PROVIDED ENTRIES START

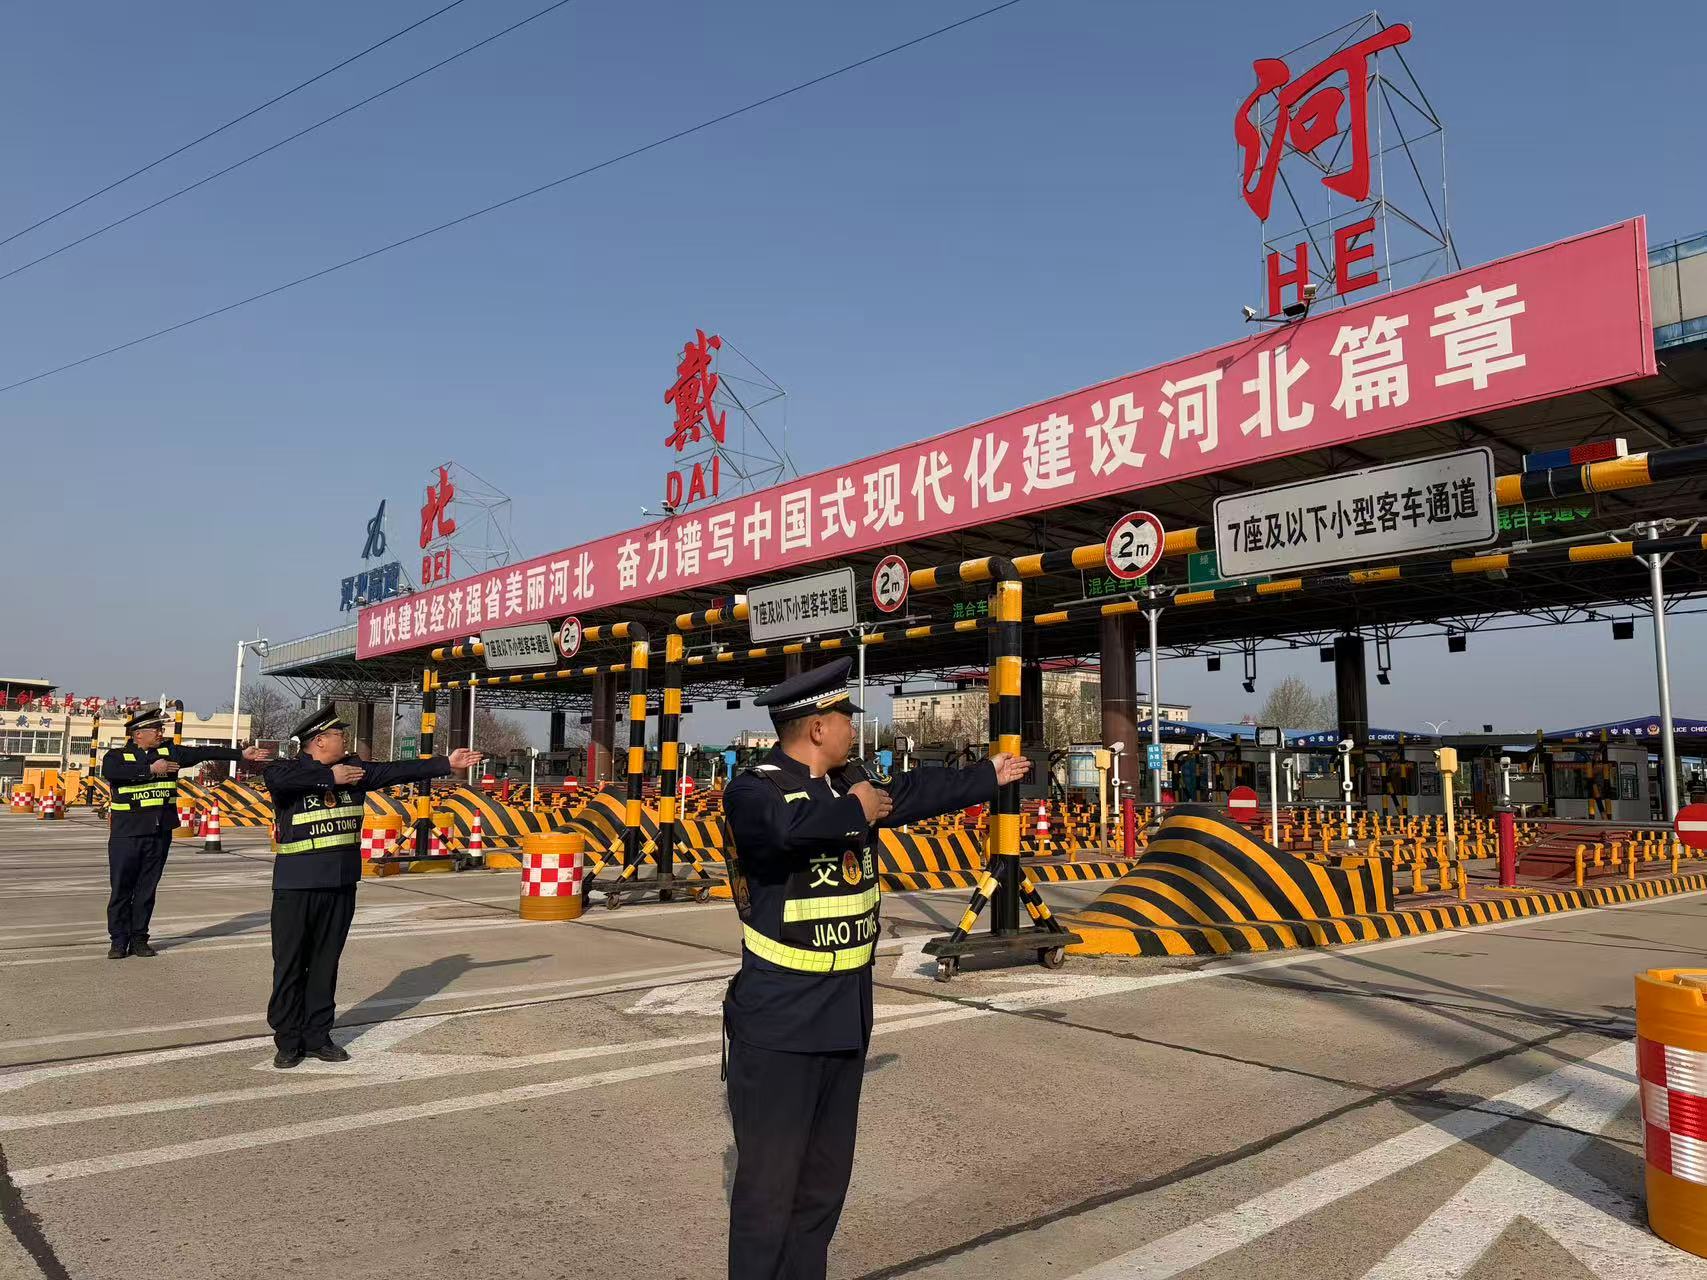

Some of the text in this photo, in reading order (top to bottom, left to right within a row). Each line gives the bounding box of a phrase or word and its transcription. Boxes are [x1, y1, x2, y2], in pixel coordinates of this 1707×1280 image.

[1234, 23, 1411, 222] 河
[1267, 217, 1378, 316] HE
[664, 328, 726, 452] 戴
[368, 283, 1526, 648] 加快建设经济强省美丽河北 奋力谱写中国式现代化建设河北篇章
[666, 456, 720, 508] DAI
[420, 466, 456, 549] 北
[1228, 477, 1479, 553] 7座及以下小型客车通道
[1117, 531, 1150, 558] 2m
[422, 549, 451, 585] BEI
[880, 572, 900, 594] 2m
[753, 586, 849, 626] 7座及以下小型客车通道
[953, 600, 988, 618] 混合车
[131, 790, 170, 801] JIAO TONG
[309, 819, 357, 836] JIAO TONG
[809, 853, 840, 889] 交
[812, 921, 851, 948] JIAO

PROVIDED ENTRIES END

With the pictures set aside, copy each line above as written.

Some of the text in this photo, in reading order (top to bottom, left to right within a row). Each line gives the bounding box of a phrase or word and its transcription. Boxes are [x1, y1, x2, y2], in pixel coordinates of this 1707×1280 image.

[1234, 23, 1411, 222] 河
[1267, 217, 1378, 316] HE
[664, 328, 726, 452] 戴
[368, 283, 1526, 648] 加快建设经济强省美丽河北 奋力谱写中国式现代化建设河北篇章
[666, 456, 720, 508] DAI
[420, 466, 456, 549] 北
[1228, 477, 1479, 553] 7座及以下小型客车通道
[1117, 531, 1150, 558] 2m
[422, 549, 451, 585] BEI
[880, 572, 900, 594] 2m
[753, 586, 849, 626] 7座及以下小型客车通道
[953, 600, 988, 618] 混合车
[131, 790, 170, 801] JIAO TONG
[309, 819, 357, 836] JIAO TONG
[809, 853, 840, 889] 交
[812, 921, 851, 948] JIAO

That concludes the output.